Gladto hear it's not been problematic, I'll try and do mine this weekend...


----------



## L&R (Mar 8, 2018)

Try 7 - 7.5 bar instead, very sweet results here.

BR


----------



## Inspector (Feb 23, 2017)

Mine is 6 bar dynamic. On pressure gauge i read 7 bar.

@L&R Do you.mean to adjust it to 7-7.5 bar dynamic? 8-8.5 bar on gauge.


----------



## MrShades (Jul 29, 2009)

You may well find that if you use 6 bar you actually need to grind finer. Higher pressure doesn't necessarily mean higher flow.

Anyway - 6 bar is great - I loved doing 6 bar pours on my Classic with dimmer mod, and 6 bar pours on my Decent are fantastic... it's the new 9.

Sent from my iPhone using Tapatalk


----------



## L&R (Mar 8, 2018)

Inspector said:


> Mine is 6 bar dynamic.
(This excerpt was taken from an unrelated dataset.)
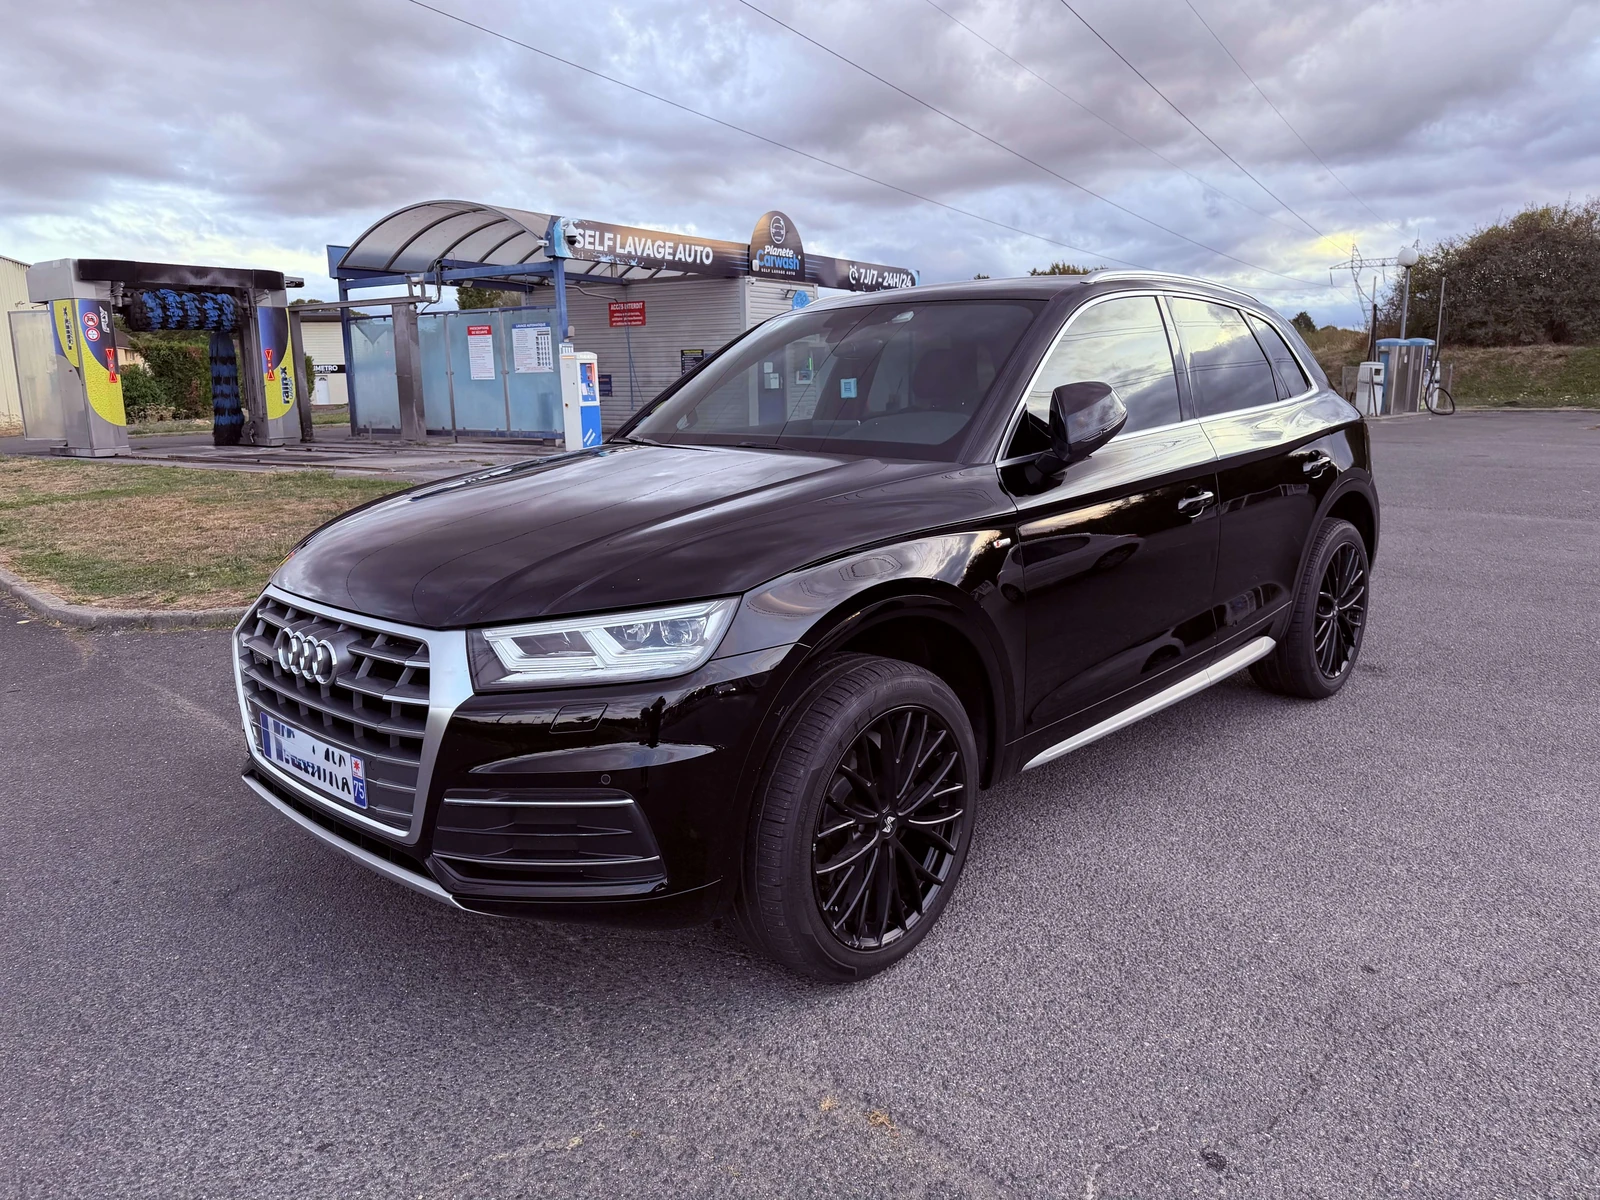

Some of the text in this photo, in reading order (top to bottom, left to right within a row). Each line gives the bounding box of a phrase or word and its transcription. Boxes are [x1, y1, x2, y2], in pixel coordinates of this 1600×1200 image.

On pressure gauge i read 7 bar.
> 
> @L&R Do you.mean to adjust it to 7-7.5 bar dynamic? 8-8.5 bar on gauge.


 Indeed


----------



## L&R (Mar 8, 2018)

High pressure means coarser grind


----------



## J_Fo (Dec 24, 2017)

Thanks for this guys, I'll change it this weekend


----------



## jaffro (Oct 6, 2015)

I could only get mine down to 8 on the gauge, so 7 dynamic, before mine kind of bottomed out.

It's great though, haven't at any point thought about changing back!


----------



## J_Fo (Dec 24, 2017)

Done!

Bang on 7 on the gauge on my 3rd adjustment... Just about to try it out.

Cheers guys


----------



## Marcros (Feb 9, 2020)

I have a classic, and a gauge that fits on the portafilter, but am confused about the gauge/dynamic discussion. what pressure do I need to adjust to on my portafilter?


----------



## J_Fo (Dec 24, 2017)

I just adjusted mine to 6 bar which showed up as 7 bar on the gauge. The gauge (on your portafilter) should read as one bar higher than the pressure you want to set to. I have no idea why though I'm afraid... But I'm sure a grown up will be along to explain. ?


----------



## Michael87 (Sep 20, 2019)

I think the 1 bar difference is for portafilter-mounted pressure gauges that stop the flow while you calibrate the OPV, like a backflush. As this is a static pressure since there is no flow. So this is typically a little higher than the pressure that would be "felt" by the beans.

When you have an in line pressure gauge that does not restrict flow it should give an accurate reading that doesn't need to be adjusted. As this is a dynamic pressure and the one "felt" by the beans.

Why? Because the flow of some liquid releases some pressure.

I think!


----------



## Pablo El Beano (Jun 15, 2019)

Now if a 6, turned out to be 9, I don't mind.


----------



## ting_tang (Jul 26, 2020)

jaffro said:


> I could only get mine down to 8 on the gauge, so 7 dynamic, before mine kind of bottomed out.
> 
> It's great though, haven't at any point thought about changing back!


 Have the same issue, any way to go lower or the OPV is limited?


----------



## jaffro (Oct 6, 2015)

ting_tang said:


> Have the same issue, any way to go lower or the OPV is limited?


 Not that I found.

I'm half way through refurbing the classic at the moment, having upgraded.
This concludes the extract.